The issue of whether Israel should be participating in a major sporting event was, Hareide added: “Up to the football politicians to decide.”

Up to now, their stance has been clear. Neither Uefa, the European body overseeing Euro 2024 and its high-stakes play-offs, nor Fifa or the International Olympic Committee (IOC) have moved to impose sanctions on Israel.

On Wednesday night, the IOC presided over the draw for the groups at this summer’s Paris Olympics’ men’s football tournament, with Israel, Egypt, Morocco and potentially three more Mena countries all involved in another politically-fraught event.

Yet the call for football to impose a boycott on Israel grows ever louder.

Last month, the West Asian Football Federation, whose 12 member nations include Palestine and the UAE, called for a ban on Israel or its clubs taking part in international competitions. Meanwhile, on Tuesday Fifa received an official letter from the Palestinian Football Association demanding the world governing body take action against Israel for what it calls “explicit violation of Fifa laws”.

The letter cites the deaths during five and half months of conflict of “at least 99 football players”; the Israeli Football Association’s integrating of clubs based in the occupied territories into its structures; and “a legitimate concern that some football associations may refuse to play against Israel, jeopardising the efficient running of matches”.

The Palestinian FA propose the case for sanctions against Israel is heard at the Fifa Congress in May. The focus may intensify over the coming week. Should Israel, who have never lost to Iceland in five meetings since the country was invited to compete within Uefa in the early 1990s, triumph in Budapest, its national team will be 90 minutes from the sort of global stage they have not known for over half a century.

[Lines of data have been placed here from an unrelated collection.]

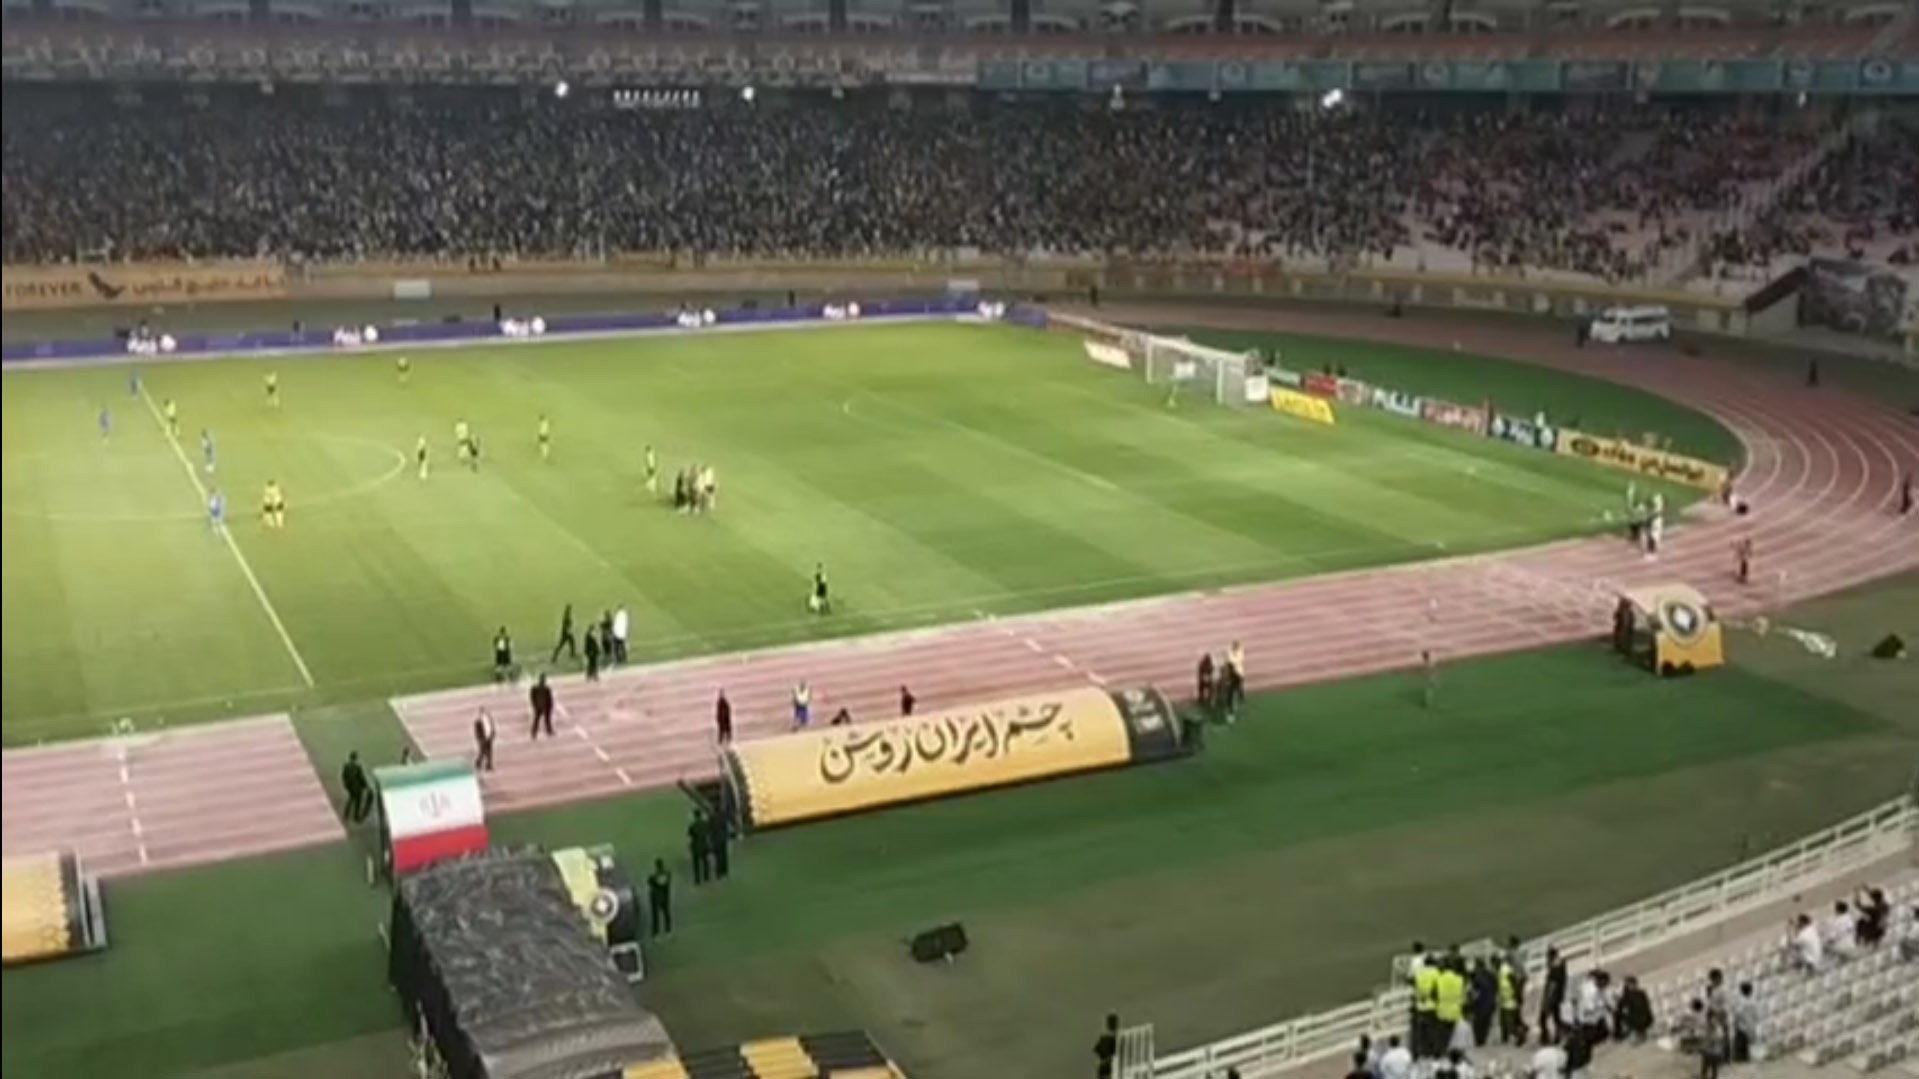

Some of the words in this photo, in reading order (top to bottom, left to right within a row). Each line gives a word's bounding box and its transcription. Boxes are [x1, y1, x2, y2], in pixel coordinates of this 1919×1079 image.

[915, 713, 998, 764] ایران
[1003, 701, 1074, 754] چشم
[819, 730, 914, 783] روشن
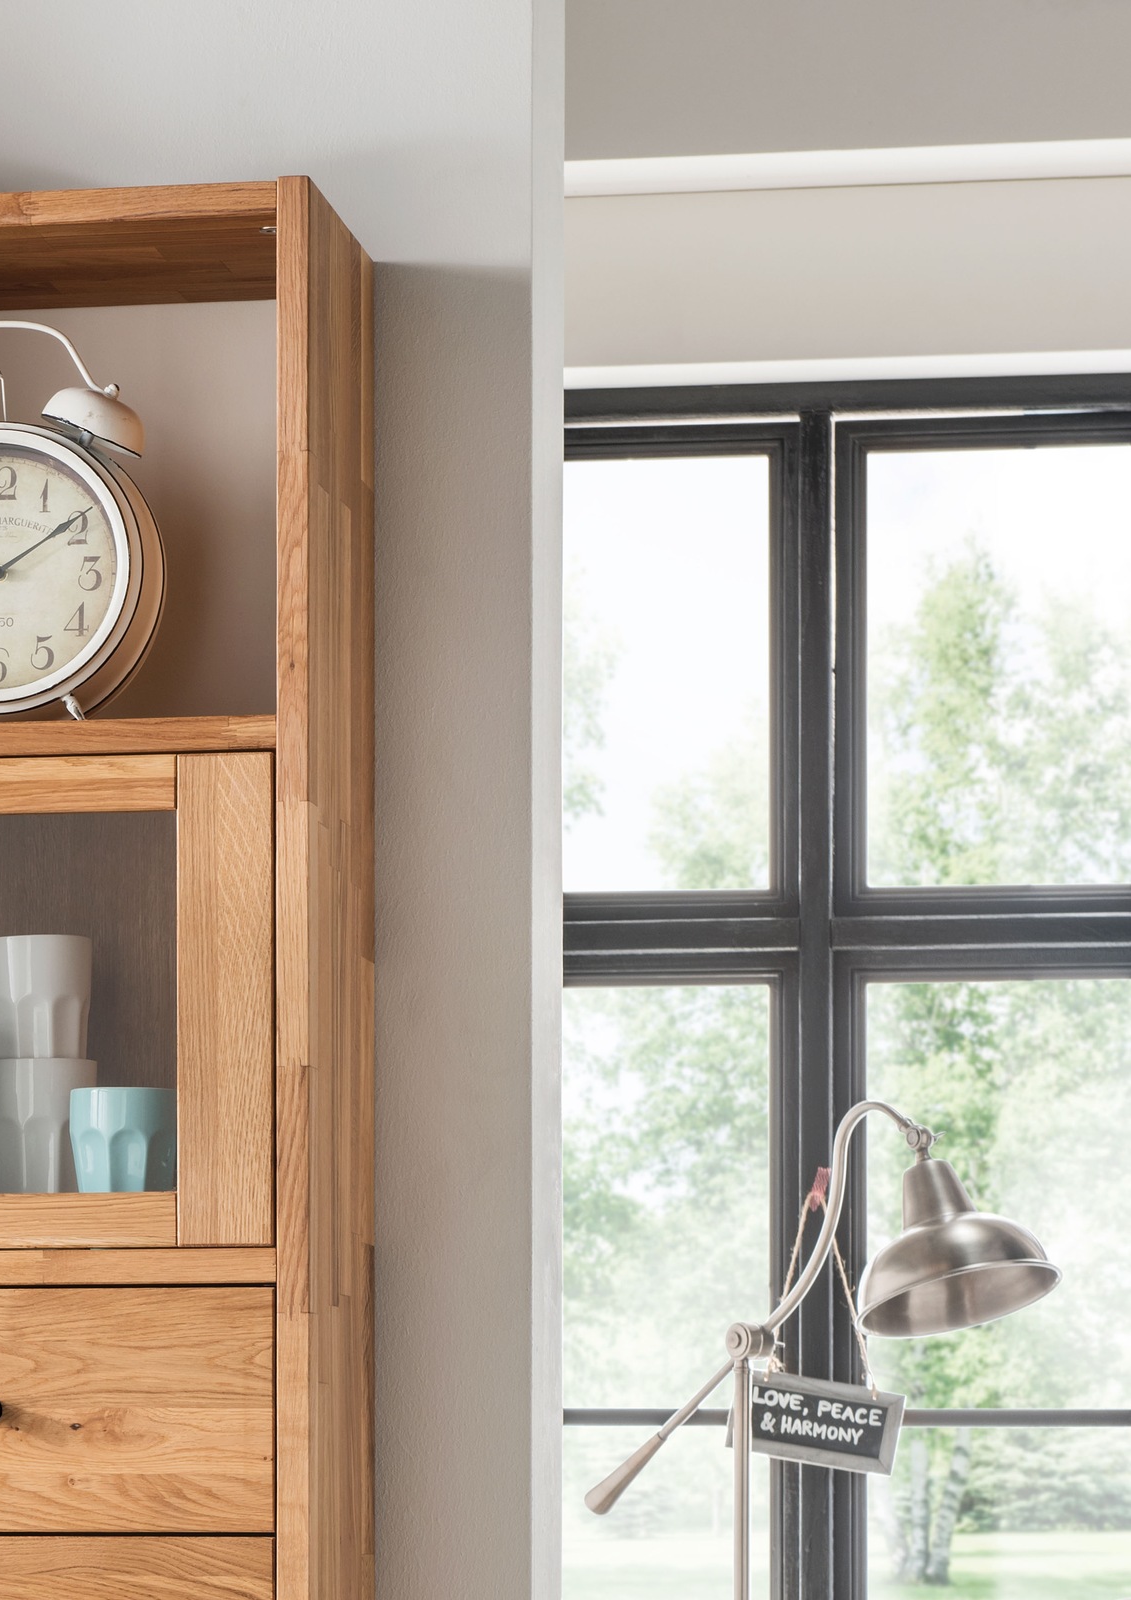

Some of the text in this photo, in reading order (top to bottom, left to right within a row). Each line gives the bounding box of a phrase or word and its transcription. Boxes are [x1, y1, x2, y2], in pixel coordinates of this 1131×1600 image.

[39, 478, 51, 513] 1
[67, 510, 89, 546] 2
[78, 556, 102, 591] 3
[63, 601, 90, 637] 4
[30, 635, 55, 670] 5
[752, 1385, 883, 1427] LOVE, PEACE
[760, 1411, 864, 1446] & HARMONY

The last senior tournament finals they reached was the 1970 World Cup. Beat Iceland and they would play off directly against either Bosnia-Herzegovina or Ukraine on Tuesday for a place at Euro 2024 in Germany, escalating, at the very least, security concerns for the tournament organisers.

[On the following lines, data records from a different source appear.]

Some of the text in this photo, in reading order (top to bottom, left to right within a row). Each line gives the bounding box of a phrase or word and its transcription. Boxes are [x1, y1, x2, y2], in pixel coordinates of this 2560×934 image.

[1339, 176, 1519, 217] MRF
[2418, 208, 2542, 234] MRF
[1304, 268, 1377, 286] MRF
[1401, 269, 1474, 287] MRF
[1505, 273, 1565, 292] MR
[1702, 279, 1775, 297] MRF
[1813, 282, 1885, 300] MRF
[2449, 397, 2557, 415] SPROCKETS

“In these crazy times where, geostrategically, the world is going crazy, the biggest concern is security,“ Uefa president Aleksander Ceferin told The Telegraph. “Stadiums, I’m sure will be protected properly, but fans will be all around cities and towns.” Security issues have already meant Israeli clubs playing their ‘home’ games in Uefa competitions elsewhere; they are in Budapest for their play-off because it was deemed unsafe to play in Israel.

Should Israel come through against Iceland, the last hurdle for reaching Germany would be in either Sarajevo, or if Ukraine beat Bosnia, in Wroclaw, Poland – Ukraine are also playing their ‘home’ matches in borrowed venues because of ongoing conflict there.

And with both Ukraine and Israel effectively exiled as national teams, a play-off final between the two would in turn concentrate attention not only on security issues but a double standard that football’s governing bodies are increasingly accused of.

Since Russia’s military escalation of the war in Ukraine two years ago, Russia have been banned from senior competitions; no such action has been taken against Israel over Gaza.

Hareide, the Iceland coach, was asked to remember how swiftly the Russia ban was applied during the last qualifying campaign for a major tournament.

Several European Football Associations refused to play Russia or its club sides very quickly after the Ukraine conflict spread in February 2022. Uefa and Fifa then imposed bans on Russia taking part in their competitions, excluding the national team from the 2022 World Cup and Euro 2024.

Yet a tacit disapproval of those sanctions continues to be expressed by various countries. Serbia will tonight play a friendly match in Moscow against Russia. Iran, Iraq, Qatar, Cameroon, Kenya and Cuba have all played against Russia within the last year.

But the umbrella football confederations they belong to remain as firm in their exclusion of Russia from competitions as they are adamant that Israel continues to take part in them.